Salvatore Ronald Matano (born September 15, 1946) is an American prelate of the Roman Catholic Church, serving as bishop of the Diocese of Rochester in Upstate New York since 2013. Matano previously served as Bishop of Burlington in Vermont from 2005 to 2013.

Biography

Early life
Salvatore Matano was born on September 15, 1946, in Providence, Rhode Island to Salvatore and Mary (née Santaniello) Matano. He attended La Salle Academy in Providence and Our Lady of Providence Seminary College, where he obtained his Bachelor of Philosophy degree.

Priesthood
Matano was ordained into the priesthood for the Diocese of Providence by Bishop James Hickey on December 17, 1971, in St. Peter's Basilica in Rome. In 1972, Matano received his Licentiate of Sacred Theology from the Pontifical Gregorian University in Rome.

Matano served as assistant pastor in Johnston, Rhode Island, from 1972 to 1973 and as a professor at Our Lady of Providence Seminary High School from 1972 to 1977. In 1977, he became the director of priest personnel for the Diocese of Providence. In 1980, Matano was named diocesan assistant chancellor. 

Matano returned to Rome for graduate studies. receiving his Doctor of Canon Law degree in 1983.  After returning to Providence, he served as vicar for administration and co-chancellor.  He was raised to the rank of honorary prelate by the Vatican in 1985. In 1991, Matano was named secretary to the apostolic nuncio of the United States, Archbishop Agostino Cacciavillan in Washington, D.C. In 1992, Matano was named vicar general and moderator of the curia for the Diocese of Providence. He was designated by the Vatican as protonotary apostolic in 1993.

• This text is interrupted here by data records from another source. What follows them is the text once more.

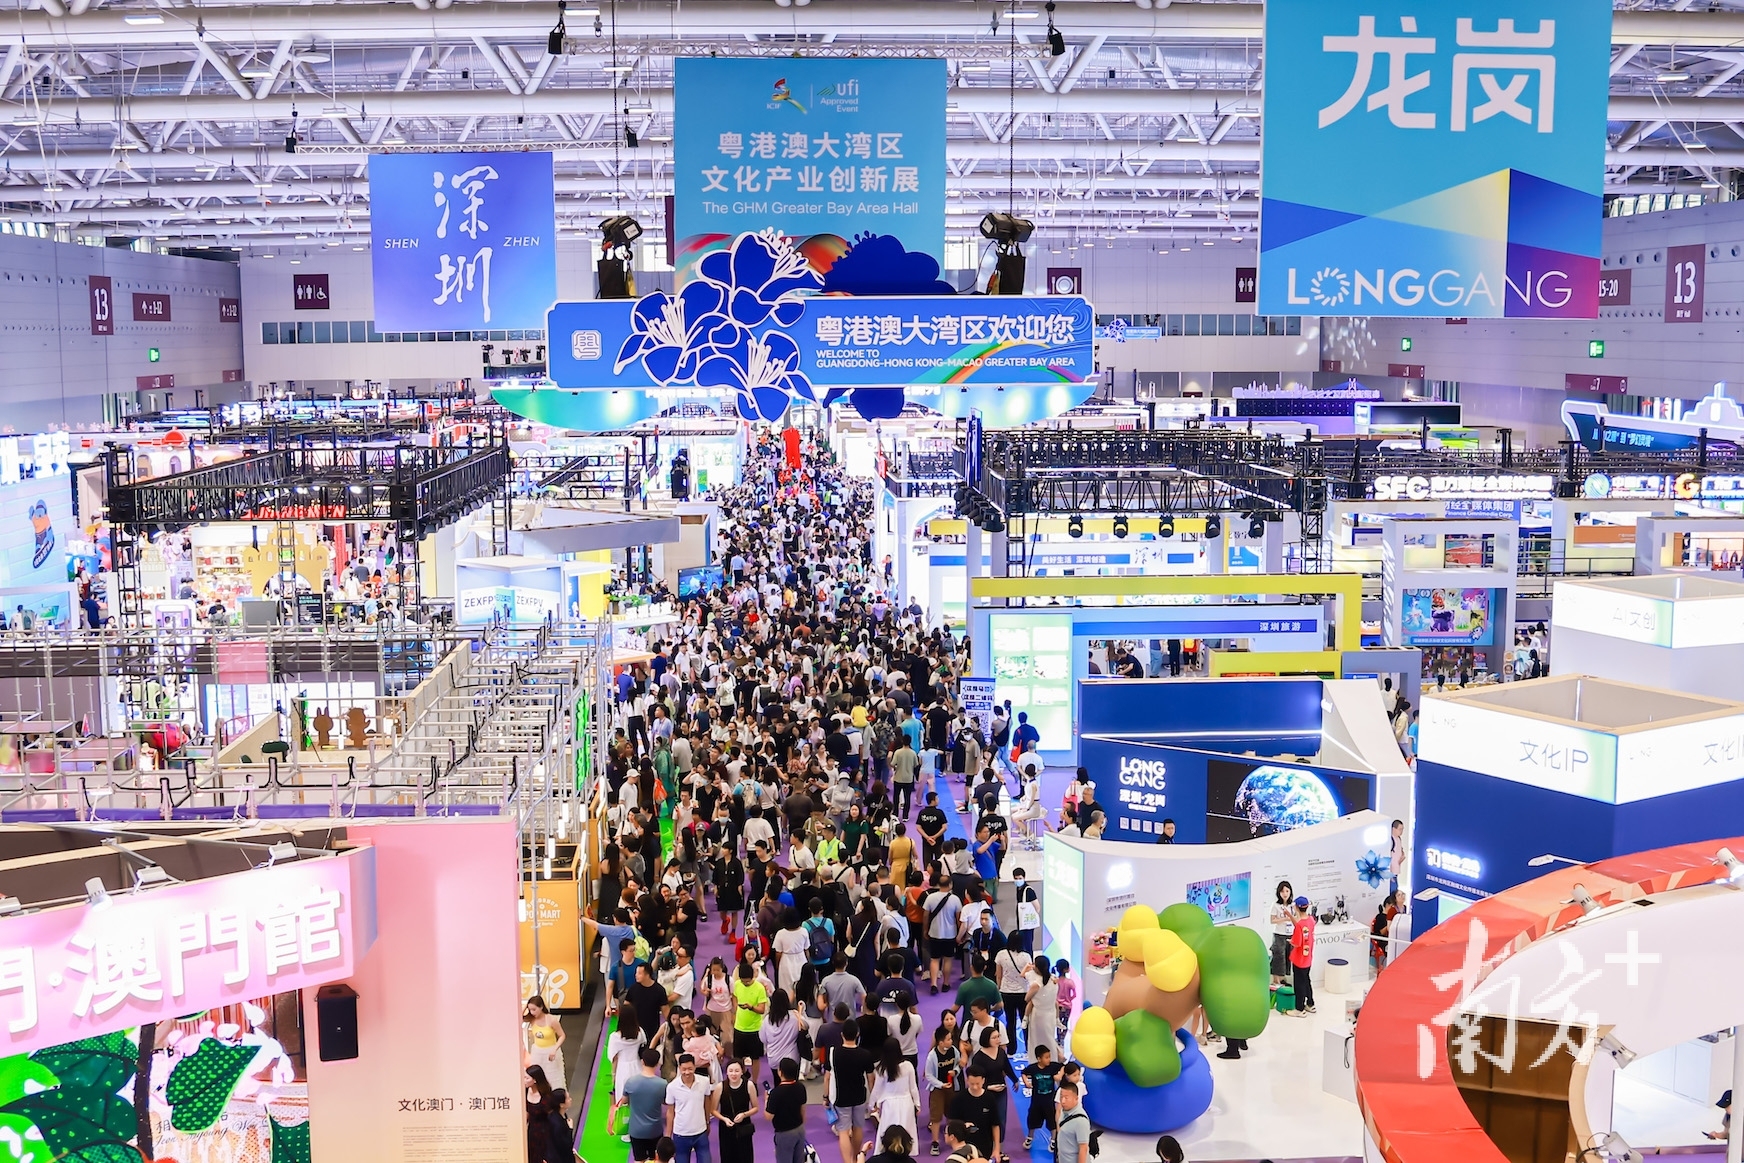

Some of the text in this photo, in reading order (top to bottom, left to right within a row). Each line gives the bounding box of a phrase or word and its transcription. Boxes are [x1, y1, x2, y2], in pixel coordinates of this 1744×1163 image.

[1318, 15, 1556, 134] 龙岗
[837, 79, 859, 96] ufi
[717, 131, 904, 159] 粤港澳大湾区
[701, 165, 920, 193] 文化产业创新展
[702, 201, 919, 217] The GHM Greater Bay Area Hall
[384, 238, 420, 249] SHEN
[433, 165, 500, 323] 深圳
[503, 236, 540, 247] ZHEN
[1288, 267, 1573, 308] LONGGANG
[1673, 261, 1697, 304] 13
[94, 288, 109, 321] 13
[815, 314, 1075, 346] 粤港澳大湾区欢迎您
[816, 349, 880, 358] WELCOME TO
[984, 357, 1028, 367] GREATER
[1029, 357, 1048, 367] BAY
[1049, 357, 1075, 367] AREA
[1374, 476, 1430, 500] SFC
[1042, 556, 1072, 564] 美好生活
[464, 595, 495, 608] ZEXFP
[1259, 621, 1301, 632] 深圳旅游
[1519, 739, 1589, 773] 文化IP
[1703, 735, 1744, 766] 文化I
[1121, 756, 1166, 776] LONG
[1119, 769, 1166, 790] GANG
[540, 910, 561, 919] MART

In 1995, Matano became a special lecturer for undergraduate and graduate students in the Department of Theology at Providence College. In 1997, Matano gave up his positions in the church hierarchy to become a parish priest at St. Sebastian's Parish in Providence. In January 2000, Matano was named secretary to the new apostolic nuncio of the United States, Archbishop Gabriel Higuera.

Bishop of Burlington

On March 3, 2005, Matano was appointed coadjutor bishop of the Diocese of Burlington by Pope John Paul II. He received his episcopal consecration on April 19, 2005, from Archbishop Higuera, with Archbishop Seán O'Malley and Bishop Kenneth Angell serving as co-consecrators. Matano succeeded Angell as the ninth bishop of Burlington on November 9, 2005. In December 2008, Matano attended a trial in Burlington in order to hear about unresolved clerical abuse cases that occurred within the diocese in the 1970's.

Bishop of Rochester
On November 6, 2013, Pope Francis named Matano to succeed Bishop Matthew H. Clark as bishop of the Diocese of Rochester. Matano's installation took place on January 3, 2014. On August 18, 2018, Matano sent a letter to all parishioners in the diocese, expressing his outrage on the sexual abuse of children and young adults by diocese priests:"I cannot express adequately my sorrow for the pain, suffering and turmoil endured by the victims of child sexual abuse, especially when it is committed by the very ones who were so trusted and so grievously betrayed that very trust."On September 1, 2019 Matano returned to St. Augustine’s Parish in Providence, where he had served as a priest.  He celebrated the 9:30 am Mass with parishioners. In July, 2021, Matano attended a forum in Auburn, New York, for parishioners who were concerned about plans to close four churches in that city.  He made this statement: "As has been mentioned tonight, we are like a family. But how many times do families have to make sacrifices?"  Matano currently sits on the board of trustees of St. John's Seminary in Boston.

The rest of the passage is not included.